Genetic and pharmacological studies targeting NF-κB-activating IKK have
shown that inhibiting NF-κB is generally beneficial for stroke recovery
(Herrmann et al., 2005, Iadecola and Anrather, 2011). However, this has been challenged by stroke studies in mouse models with p50 or cRel deficiency (Harari and Liao, 2010), as well as in systemic injury models (Elsharkawy and Mann, 2007), suggesting that NF-κB-mediated acute inflammatory response is not just deleterious. In fact, the acute inflammation responses
triggered by CNS injuries usually resolve within a short period of
time, which set up tissue boundaries for subsequent repair process (Buckley et al., 2013, Iadecola and Anrather, 2011, Jin et al., 2010). However, brain-specific factors that govern inflammation resolution have not been well defined (Iadecola and Anrather, 2011). Hence, understanding the brain’s regulatory mechanisms that ensure the timely activation and subsequent inactivation
of NF-κB-mediated neuroinflammation is essential to develop a
therapeutic strategy for the recovery and repair after ischemic brain
injury.
Stroke mostly occurs in elderly people,
and outcomes of stroke patients are highly influenced by age, indicating
that aging is an inherent risk factor for stroke (Markus et al., 2005, Popa-Wagner et al., 2011).

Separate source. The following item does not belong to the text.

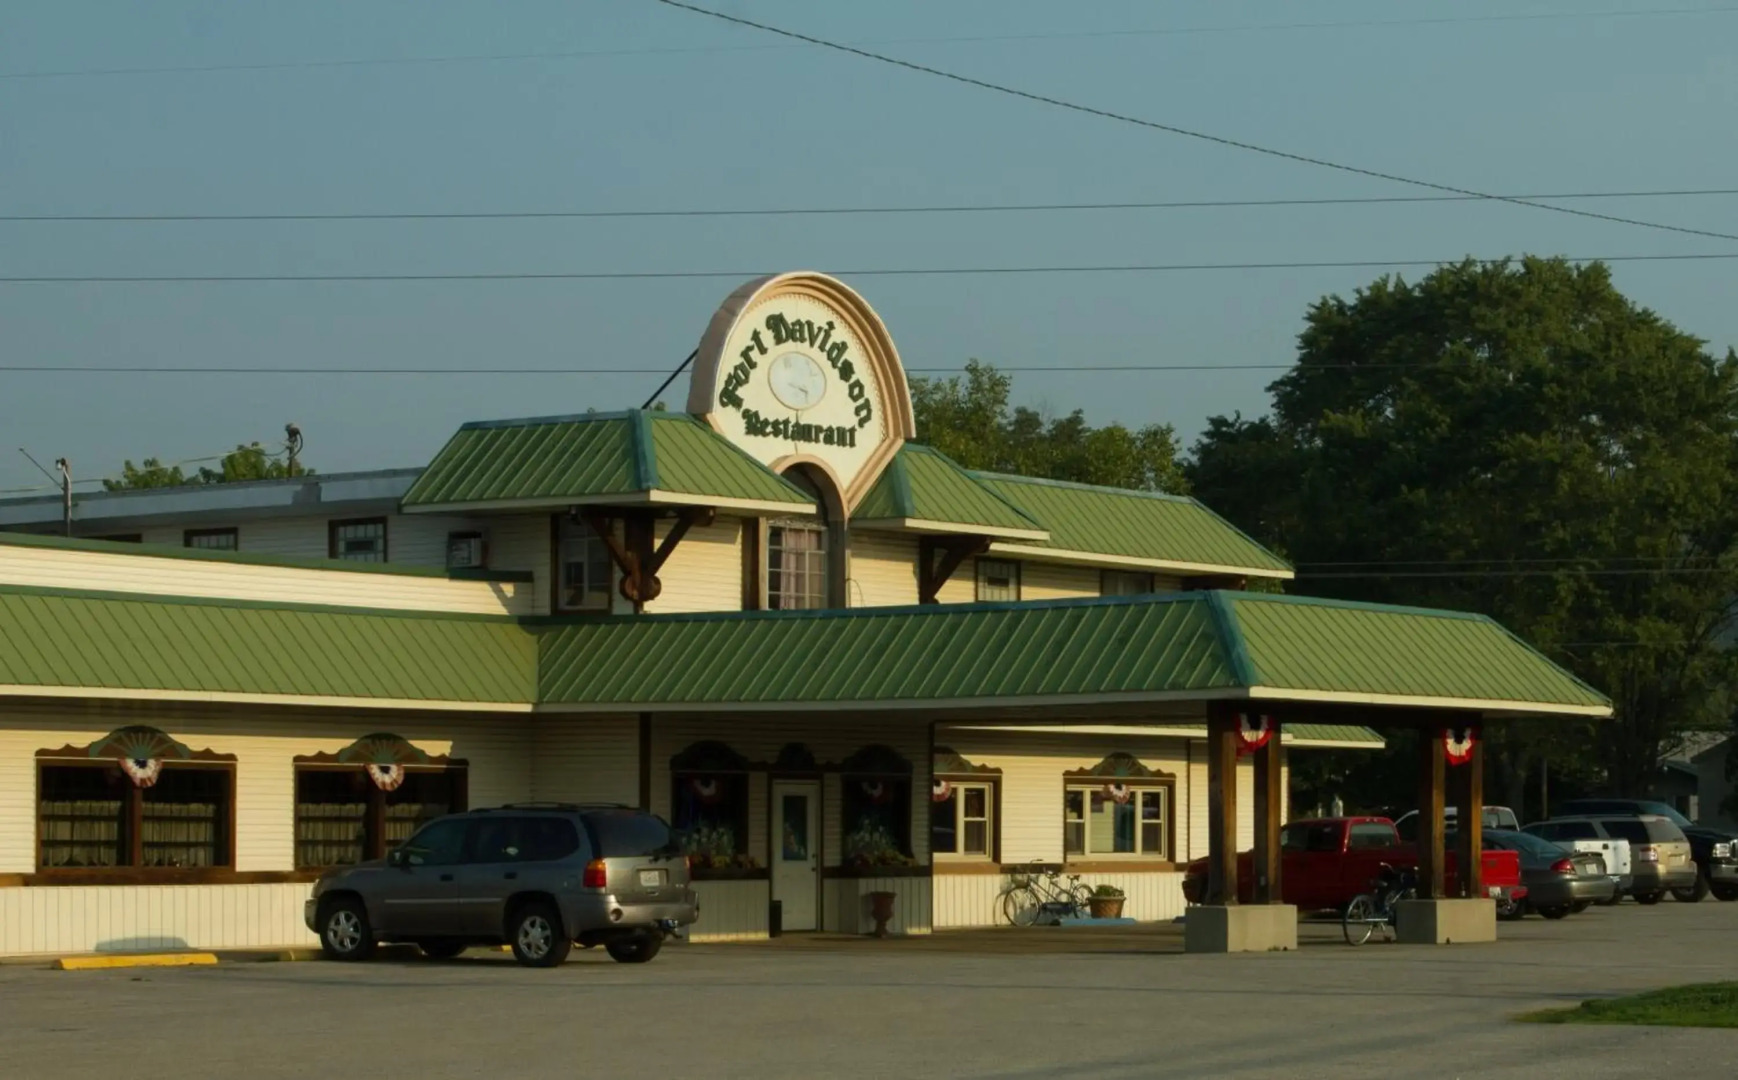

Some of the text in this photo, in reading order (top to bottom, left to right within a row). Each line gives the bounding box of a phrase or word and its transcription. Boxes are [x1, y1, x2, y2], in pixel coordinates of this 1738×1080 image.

Compared to the young brain, the aged brain displays a compromised
ability to resolve stroke-mediated inflammation, causing high
susceptibility to ischemia and poor functional recovery (Chen et al., 2010). Indeed, upon middle cerebral artery occlusion (MCAO), aged mice exhibit elevated proinflammatory mediators, large infarction volumes, severe behavioral impairment, and high mortality rates compared to young mice (DiNapoli et al., 2008, Jin et al., 2004, Liu et al., 2009, Rosen et al., 2005, Shapira et al., 2002), reflecting the effects seen in elderly patients who often experience severe functional disabilities following an ischemia (Hankey et al., 2002).
However, little is known about brain-specific mechanisms that regulate
the resolution of neuroinflammation that are potentially undermined
during aging. Hence, investigating the timely regulation of
NF-κB-mediated neuroinflammation is key to a better understanding of
pathophysiology and repair after acute brain ischemia.
Here, we report that TRIM9 provides an innate mechanism to resolve ischemic-stroke-induced neuroinflammation via fine-tuning of in vivo
NF-κB signaling activity in a mouse model, and thus, targeting TRIM9
and its related neuroinflammatory pathway may offer a target for
immunomodulatory therapy for stroke.